Data for this exercise
◆ ◆ ◆ ◆ ◆ ◆ ◆

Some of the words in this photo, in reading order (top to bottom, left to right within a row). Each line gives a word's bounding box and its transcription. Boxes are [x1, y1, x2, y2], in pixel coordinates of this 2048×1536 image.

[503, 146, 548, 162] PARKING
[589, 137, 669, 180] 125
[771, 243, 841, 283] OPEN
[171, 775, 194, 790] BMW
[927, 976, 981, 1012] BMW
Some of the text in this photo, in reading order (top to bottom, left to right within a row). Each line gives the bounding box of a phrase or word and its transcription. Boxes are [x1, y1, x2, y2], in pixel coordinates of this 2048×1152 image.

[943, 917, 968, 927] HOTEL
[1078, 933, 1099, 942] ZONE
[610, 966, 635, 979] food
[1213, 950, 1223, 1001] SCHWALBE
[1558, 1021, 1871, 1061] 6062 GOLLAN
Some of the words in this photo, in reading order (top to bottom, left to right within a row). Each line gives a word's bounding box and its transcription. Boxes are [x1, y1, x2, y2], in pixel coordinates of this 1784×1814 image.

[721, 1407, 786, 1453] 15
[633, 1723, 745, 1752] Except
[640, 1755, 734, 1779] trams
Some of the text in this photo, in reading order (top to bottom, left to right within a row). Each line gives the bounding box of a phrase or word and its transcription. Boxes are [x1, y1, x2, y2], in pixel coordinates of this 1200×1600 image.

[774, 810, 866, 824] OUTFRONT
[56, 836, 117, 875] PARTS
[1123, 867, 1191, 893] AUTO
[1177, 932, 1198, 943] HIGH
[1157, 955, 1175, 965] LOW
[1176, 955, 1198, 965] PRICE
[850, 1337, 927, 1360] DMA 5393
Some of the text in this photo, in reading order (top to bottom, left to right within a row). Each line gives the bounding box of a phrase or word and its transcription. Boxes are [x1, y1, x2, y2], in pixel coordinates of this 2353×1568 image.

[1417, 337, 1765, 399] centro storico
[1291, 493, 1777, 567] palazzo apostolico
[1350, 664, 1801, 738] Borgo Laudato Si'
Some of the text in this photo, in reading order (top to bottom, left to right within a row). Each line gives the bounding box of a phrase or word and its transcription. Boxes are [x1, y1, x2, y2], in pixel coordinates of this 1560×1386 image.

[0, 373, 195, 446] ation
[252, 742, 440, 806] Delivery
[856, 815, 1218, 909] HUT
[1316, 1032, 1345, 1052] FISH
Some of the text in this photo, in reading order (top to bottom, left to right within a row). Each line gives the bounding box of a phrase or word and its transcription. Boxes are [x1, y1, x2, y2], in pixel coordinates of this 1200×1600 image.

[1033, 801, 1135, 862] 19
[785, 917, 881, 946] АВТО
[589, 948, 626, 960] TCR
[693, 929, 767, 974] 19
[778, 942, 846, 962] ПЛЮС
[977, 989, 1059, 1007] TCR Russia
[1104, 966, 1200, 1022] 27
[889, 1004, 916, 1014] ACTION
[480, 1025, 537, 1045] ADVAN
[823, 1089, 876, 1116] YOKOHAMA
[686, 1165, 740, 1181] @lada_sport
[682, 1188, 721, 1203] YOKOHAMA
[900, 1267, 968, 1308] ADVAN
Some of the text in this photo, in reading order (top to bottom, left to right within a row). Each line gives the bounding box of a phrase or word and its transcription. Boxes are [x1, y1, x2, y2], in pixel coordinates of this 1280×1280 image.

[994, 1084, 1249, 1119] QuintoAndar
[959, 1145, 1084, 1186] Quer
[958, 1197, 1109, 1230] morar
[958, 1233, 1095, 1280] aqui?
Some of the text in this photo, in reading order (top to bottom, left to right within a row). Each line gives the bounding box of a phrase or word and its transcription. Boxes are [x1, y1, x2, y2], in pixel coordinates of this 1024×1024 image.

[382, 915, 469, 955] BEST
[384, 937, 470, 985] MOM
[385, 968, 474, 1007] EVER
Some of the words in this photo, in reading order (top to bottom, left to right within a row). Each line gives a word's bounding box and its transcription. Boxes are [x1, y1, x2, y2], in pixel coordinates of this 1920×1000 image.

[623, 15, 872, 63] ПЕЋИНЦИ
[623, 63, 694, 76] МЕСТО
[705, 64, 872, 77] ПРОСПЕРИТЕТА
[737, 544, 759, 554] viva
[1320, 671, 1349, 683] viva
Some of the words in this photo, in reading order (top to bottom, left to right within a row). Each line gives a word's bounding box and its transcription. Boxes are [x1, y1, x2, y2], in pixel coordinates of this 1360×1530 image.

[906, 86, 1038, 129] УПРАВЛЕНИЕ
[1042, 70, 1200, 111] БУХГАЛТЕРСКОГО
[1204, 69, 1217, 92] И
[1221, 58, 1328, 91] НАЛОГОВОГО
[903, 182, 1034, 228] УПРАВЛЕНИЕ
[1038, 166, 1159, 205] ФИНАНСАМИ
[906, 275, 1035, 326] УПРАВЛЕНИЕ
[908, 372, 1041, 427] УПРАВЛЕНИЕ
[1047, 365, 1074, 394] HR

◆ ◆ ◆ ◆ ◆ ◆ ◆

What this task involves
Your reply should consist of the records, copied exactly.

Your solution
Some of the words in this photo, in reading order (top to bottom, left to right within a row). Each line gives a word's bounding box and its transcription. Boxes are [x1, y1, x2, y2], in pixel coordinates of this 2048×1536 image.

[503, 146, 548, 162] PARKING
[589, 137, 669, 180] 125
[771, 243, 841, 283] OPEN
[171, 775, 194, 790] BMW
[927, 976, 981, 1012] BMW
Some of the text in this photo, in reading order (top to bottom, left to right within a row). Each line gives the bounding box of a phrase or word and its transcription. Boxes are [x1, y1, x2, y2], in pixel coordinates of this 2048×1152 image.

[943, 917, 968, 927] HOTEL
[1078, 933, 1099, 942] ZONE
[610, 966, 635, 979] food
[1213, 950, 1223, 1001] SCHWALBE
[1558, 1021, 1871, 1061] 6062 GOLLAN
Some of the words in this photo, in reading order (top to bottom, left to right within a row). Each line gives a word's bounding box and its transcription. Boxes are [x1, y1, x2, y2], in pixel coordinates of this 1784×1814 image.

[721, 1407, 786, 1453] 15
[633, 1723, 745, 1752] Except
[640, 1755, 734, 1779] trams
Some of the text in this photo, in reading order (top to bottom, left to right within a row). Each line gives the bounding box of a phrase or word and its transcription. Boxes are [x1, y1, x2, y2], in pixel coordinates of this 1200×1600 image.

[774, 810, 866, 824] OUTFRONT
[56, 836, 117, 875] PARTS
[1123, 867, 1191, 893] AUTO
[1177, 932, 1198, 943] HIGH
[1157, 955, 1175, 965] LOW
[1176, 955, 1198, 965] PRICE
[850, 1337, 927, 1360] DMA 5393
Some of the text in this photo, in reading order (top to bottom, left to right within a row). Each line gives the bounding box of a phrase or word and its transcription. Boxes are [x1, y1, x2, y2], in pixel coordinates of this 2353×1568 image.

[1417, 337, 1765, 399] centro storico
[1291, 493, 1777, 567] palazzo apostolico
[1350, 664, 1801, 738] Borgo Laudato Si'
Some of the text in this photo, in reading order (top to bottom, left to right within a row). Each line gives the bounding box of a phrase or word and its transcription. Boxes are [x1, y1, x2, y2], in pixel coordinates of this 1560×1386 image.

[0, 373, 195, 446] ation
[252, 742, 440, 806] Delivery
[856, 815, 1218, 909] HUT
[1316, 1032, 1345, 1052] FISH
Some of the text in this photo, in reading order (top to bottom, left to right within a row). Each line gives the bounding box of a phrase or word and its transcription. Boxes are [x1, y1, x2, y2], in pixel coordinates of this 1200×1600 image.

[1033, 801, 1135, 862] 19
[785, 917, 881, 946] АВТО
[589, 948, 626, 960] TCR
[693, 929, 767, 974] 19
[778, 942, 846, 962] ПЛЮС
[977, 989, 1059, 1007] TCR Russia
[1104, 966, 1200, 1022] 27
[889, 1004, 916, 1014] ACTION
[480, 1025, 537, 1045] ADVAN
[823, 1089, 876, 1116] YOKOHAMA
[686, 1165, 740, 1181] @lada_sport
[682, 1188, 721, 1203] YOKOHAMA
[900, 1267, 968, 1308] ADVAN
Some of the text in this photo, in reading order (top to bottom, left to right within a row). Each line gives the bounding box of a phrase or word and its transcription. Boxes are [x1, y1, x2, y2], in pixel coordinates of this 1280×1280 image.

[994, 1084, 1249, 1119] QuintoAndar
[959, 1145, 1084, 1186] Quer
[958, 1197, 1109, 1230] morar
[958, 1233, 1095, 1280] aqui?
Some of the text in this photo, in reading order (top to bottom, left to right within a row). Each line gives the bounding box of a phrase or word and its transcription. Boxes are [x1, y1, x2, y2], in pixel coordinates of this 1024×1024 image.

[382, 915, 469, 955] BEST
[384, 937, 470, 985] MOM
[385, 968, 474, 1007] EVER
Some of the words in this photo, in reading order (top to bottom, left to right within a row). Each line gives a word's bounding box and its transcription. Boxes are [x1, y1, x2, y2], in pixel coordinates of this 1920×1000 image.

[623, 15, 872, 63] ПЕЋИНЦИ
[623, 63, 694, 76] МЕСТО
[705, 64, 872, 77] ПРОСПЕРИТЕТА
[737, 544, 759, 554] viva
[1320, 671, 1349, 683] viva
Some of the words in this photo, in reading order (top to bottom, left to right within a row). Each line gives a word's bounding box and its transcription. Boxes are [x1, y1, x2, y2], in pixel coordinates of this 1360×1530 image.

[906, 86, 1038, 129] УПРАВЛЕНИЕ
[1042, 70, 1200, 111] БУХГАЛТЕРСКОГО
[1204, 69, 1217, 92] И
[1221, 58, 1328, 91] НАЛОГОВОГО
[903, 182, 1034, 228] УПРАВЛЕНИЕ
[1038, 166, 1159, 205] ФИНАНСАМИ
[906, 275, 1035, 326] УПРАВЛЕНИЕ
[908, 372, 1041, 427] УПРАВЛЕНИЕ
[1047, 365, 1074, 394] HR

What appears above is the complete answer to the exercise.